How does a Gorilla Lift?
Bauman’s intention presented a very obvious and immediate problem. How exactly does one test a Gorilla’s strength? After all, despite the size of modern day bodybuilders and powerlifters, we have yet to see a true Gorilla squat, bench and deadlift for reps. Although I’m open to contradiction on that point (Would anyone be surprised if Eddie Hall’s inhuman strength was due to primate blood?).
In any case, Bauman believed he had found a rather clever solution using a dynamometer and a rather crudely designed machine resembling a seated row. Though Bauman’s observation articlepublished in 1926 failed to include a diagram of said machine, Glen Finch was kind enough to do so in 1943.
So How Exactly did this device work?
Returning to Finch’s retelling, which admittedly I found to be the more interesting account, we learn that
Each subject was tested with a modified “method of limits” technique. Pre-liminarily, the subjects were accustomed to the apparatus through several days with increasingly greater resistances to their pulls, each subject being allowed to recover the incentive (a small piece of fruit) with each completed pull (a com- pleted pull consisted of pulling in the rope a distance of 9 to 12 inches). Test trials were given in two days’ sessions, the first day with normal prior food- deprivation (each subject was tested in the morning before a major feeding), the second day with 24 hours prior food-deprivation
Tests were conducted as follows: With one small piece of banana as incentive, the subject was given the rope and allowed to pull against the maximal resistance that he had previously overcome. When the incentive was recovered, the rope was withdrawn, one 10 pound weight was added to the load, another piece of banana was provided as incentive, the subject was given the rope and allowed to pull.
If the subject failed to move the system in one minute, an additional piece of fruit (apple, orange, or banana) was added to the incentive and so on with further additions of fruit each minute until ten minutes had elapsed, at which time the test was terminated and the subject’s max as recorded as the resistance which he had overcome (as judged by a movement of the incentive of at least 3 inches). It might be noted that the became comparatively very great before a trial was recorded as a failure.

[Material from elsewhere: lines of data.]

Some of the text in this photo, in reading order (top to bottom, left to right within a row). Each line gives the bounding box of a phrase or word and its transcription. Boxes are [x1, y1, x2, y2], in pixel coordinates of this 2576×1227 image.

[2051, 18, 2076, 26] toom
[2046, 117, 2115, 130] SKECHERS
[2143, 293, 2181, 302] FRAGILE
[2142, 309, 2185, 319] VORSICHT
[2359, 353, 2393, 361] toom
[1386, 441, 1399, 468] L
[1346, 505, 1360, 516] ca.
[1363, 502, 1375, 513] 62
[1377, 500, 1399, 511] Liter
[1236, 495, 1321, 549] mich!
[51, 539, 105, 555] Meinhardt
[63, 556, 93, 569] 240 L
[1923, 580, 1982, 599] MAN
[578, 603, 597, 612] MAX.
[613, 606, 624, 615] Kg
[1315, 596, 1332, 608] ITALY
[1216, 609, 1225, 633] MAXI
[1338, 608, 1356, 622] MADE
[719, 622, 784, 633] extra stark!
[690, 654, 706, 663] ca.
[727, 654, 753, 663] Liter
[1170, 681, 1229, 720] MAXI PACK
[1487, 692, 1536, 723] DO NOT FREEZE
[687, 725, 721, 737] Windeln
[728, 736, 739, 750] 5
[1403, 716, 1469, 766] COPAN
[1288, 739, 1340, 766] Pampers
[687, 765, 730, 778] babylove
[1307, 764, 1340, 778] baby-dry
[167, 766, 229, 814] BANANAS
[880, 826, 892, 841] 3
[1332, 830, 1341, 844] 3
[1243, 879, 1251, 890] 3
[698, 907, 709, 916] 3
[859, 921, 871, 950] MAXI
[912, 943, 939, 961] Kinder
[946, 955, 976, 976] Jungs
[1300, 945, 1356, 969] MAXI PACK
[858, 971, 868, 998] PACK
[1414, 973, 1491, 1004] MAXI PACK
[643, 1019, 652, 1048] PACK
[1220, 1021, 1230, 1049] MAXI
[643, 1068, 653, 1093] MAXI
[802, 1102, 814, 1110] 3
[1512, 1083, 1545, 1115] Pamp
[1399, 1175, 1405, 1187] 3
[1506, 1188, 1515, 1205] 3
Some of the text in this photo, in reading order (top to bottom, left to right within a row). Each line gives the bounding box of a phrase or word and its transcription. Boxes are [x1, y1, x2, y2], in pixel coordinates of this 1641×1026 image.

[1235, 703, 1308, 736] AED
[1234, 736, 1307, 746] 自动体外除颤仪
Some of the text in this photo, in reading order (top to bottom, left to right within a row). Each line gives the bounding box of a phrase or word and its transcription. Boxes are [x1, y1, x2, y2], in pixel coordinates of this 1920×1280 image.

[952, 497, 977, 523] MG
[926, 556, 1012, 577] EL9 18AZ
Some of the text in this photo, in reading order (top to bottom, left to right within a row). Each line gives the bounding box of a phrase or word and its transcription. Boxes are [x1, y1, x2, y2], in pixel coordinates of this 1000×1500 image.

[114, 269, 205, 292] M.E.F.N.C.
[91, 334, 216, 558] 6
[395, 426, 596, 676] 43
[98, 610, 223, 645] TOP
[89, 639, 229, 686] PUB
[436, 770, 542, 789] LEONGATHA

At this point I’d like to point out the fact that these Chimps were effectively lifting weights to eat more of their favourite food. A tactic that has led me to spoon mouthfuls of peanut butter straight from the jar on many an occasion!
What were the results?
So how did our furry friends do? After all, food is the best motivator!
While some Chimpanzees refused to take part in the experiment, the undoubted stars of the show were Suzette, a former circus performer and her father Boma. From a relaxed state, Suzette was credited with pulling 905 pounds and over 1260 pounds once agitated. An ape you evidently don’t want to mess with.
Not to be outdone, Suzette’s father Boma registered one-hand pulls of 847 pounds with his right hand and 640 pounds with his left.
As detailed by Bauman in his original Bauman 1923, a third primate, named Dempsey pulled over 120 pounds as a child. Bless.
How did the Humans do?
How then did all of the above compare with humans?
Then acting as college professor in South Dakota, Bauman used his university contacts to assemble a group of men he believed to be comparable in strength…. Football players.
But not any football players would do. They were a
college football team who had been working hard on the farm before coming to college that fall and were therefore well develop and in good condition.
Good old fashioned American muscle am I right?
Sadly for all of humankind, these ‘husky farm lads’ as Bauman labelled them failed to live up to expectations.
It is remarkable that only two out of five of these husky farm lads could approximate one fourth of Boma’s pull, the position being fully as handy for man as for ape.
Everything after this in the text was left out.